ALLON: HUSSEIN PLAN NOT IN CONFLICT
Allon said in his Maariv interview that West Bank Arabs should be given the opportunity for a national existence of their own. He said Hussein’s federation proposals were not necessarily in conflict with his own but that their geographical concepts were completely contradictory. He justified Mrs. Meir’s rejection of the Hussein proposals “in order to prevent any illusions in the Arab camp that Israel would agree to its geographical implications.”
Allon proposed, meanwhile, the establishment of five additional Israeli settlements in the Jordan Valley besides the six already built there and construction of a new town between Jerusalem and Jericho to strengthen Jerusalem’s eastern approaches. Defense Minister Moshe Dayan was reported today to have suggested the same thing.

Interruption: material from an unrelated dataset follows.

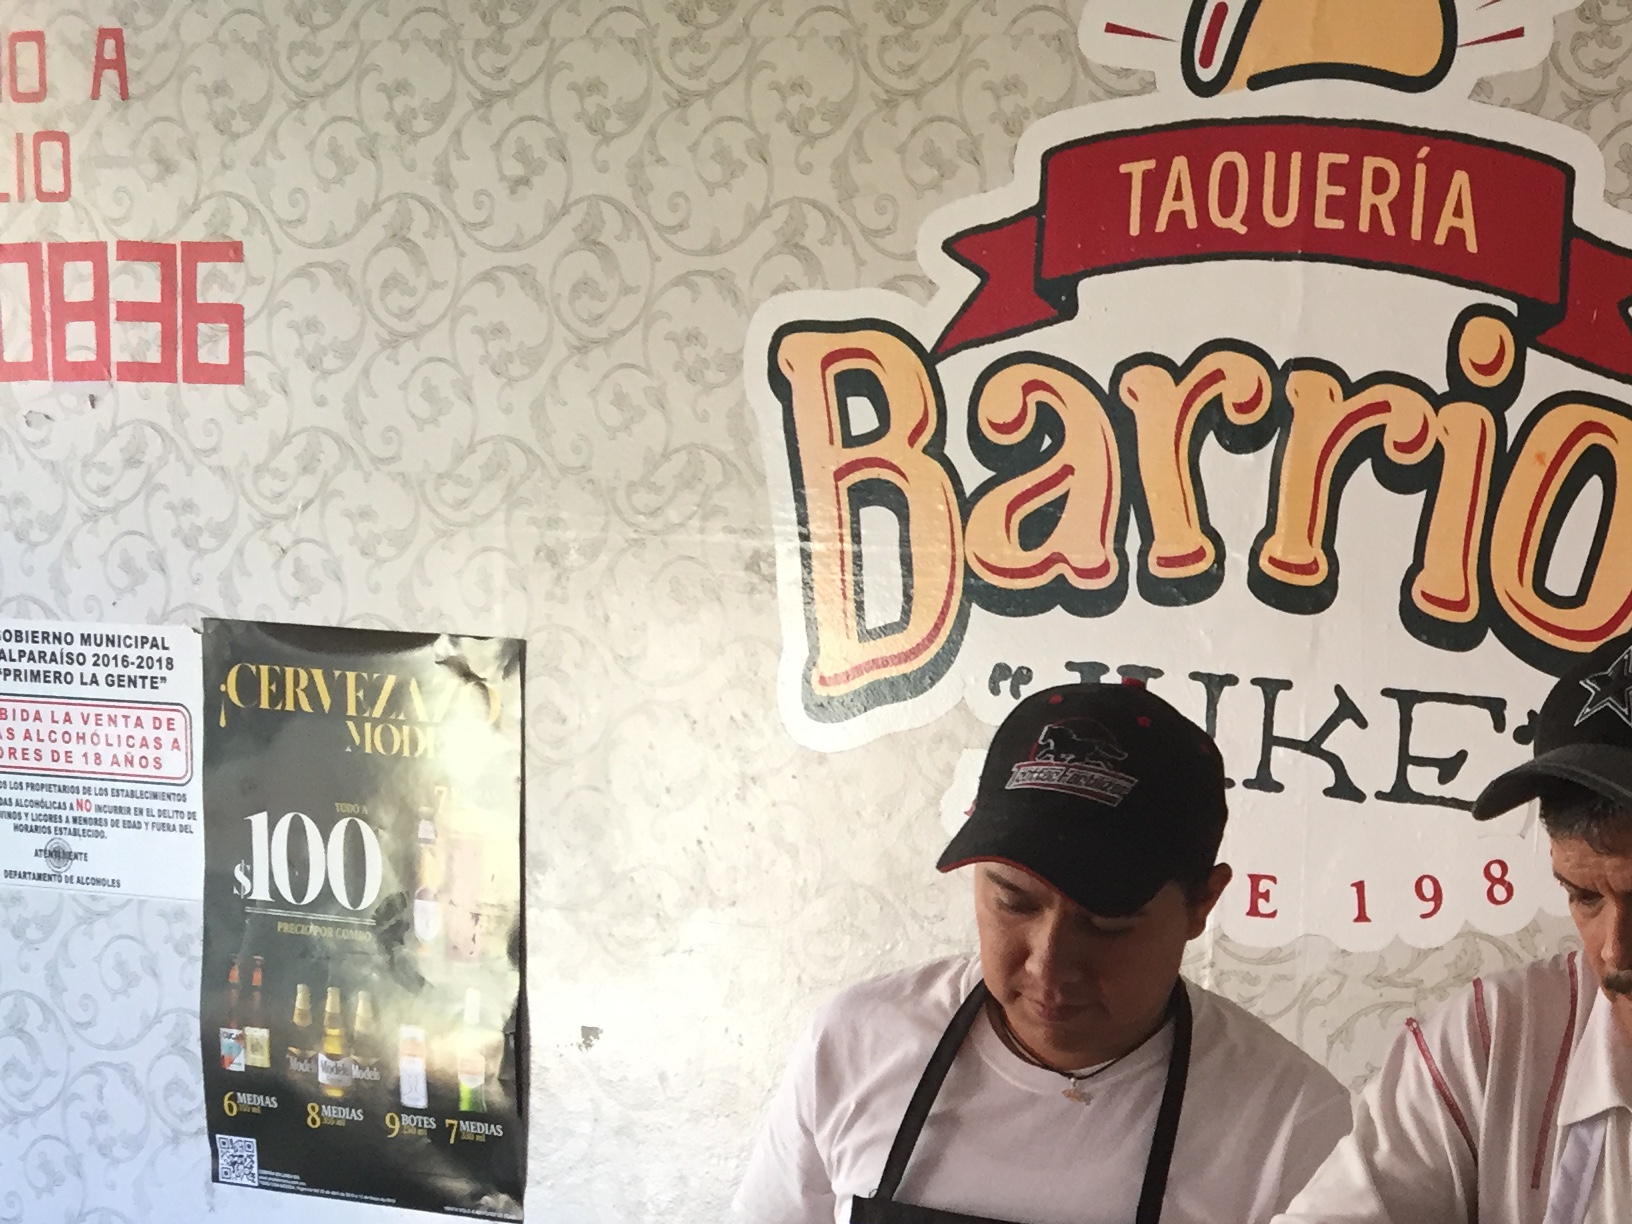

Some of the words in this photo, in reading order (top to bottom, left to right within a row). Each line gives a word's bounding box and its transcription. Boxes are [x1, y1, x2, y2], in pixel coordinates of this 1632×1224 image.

NIMEIRY: COULD END WAR WITH ISRAEL
The Hussein plan has been bitterly denounced by most Arab governments who have accused the King of collaboration with Israel. But Premier Gaafar Mohamed al-Nimeiry of Sudan today criticized Egypt, Syria and Libya for rejecting Hussein’s federation proposal without studying it. In an interview published in the Sudanese Army organ “Armed Forces,” Nimeiry said the Hussein plan perhaps could lead to an end of the war with Israel. He said an Arab summit meeting to discuss the plan was more vital than ever. Nimeiry observed, however, that Hussein’s plan like other Arab political and military projects, Ignored the existence of Israel “as a painful reality.”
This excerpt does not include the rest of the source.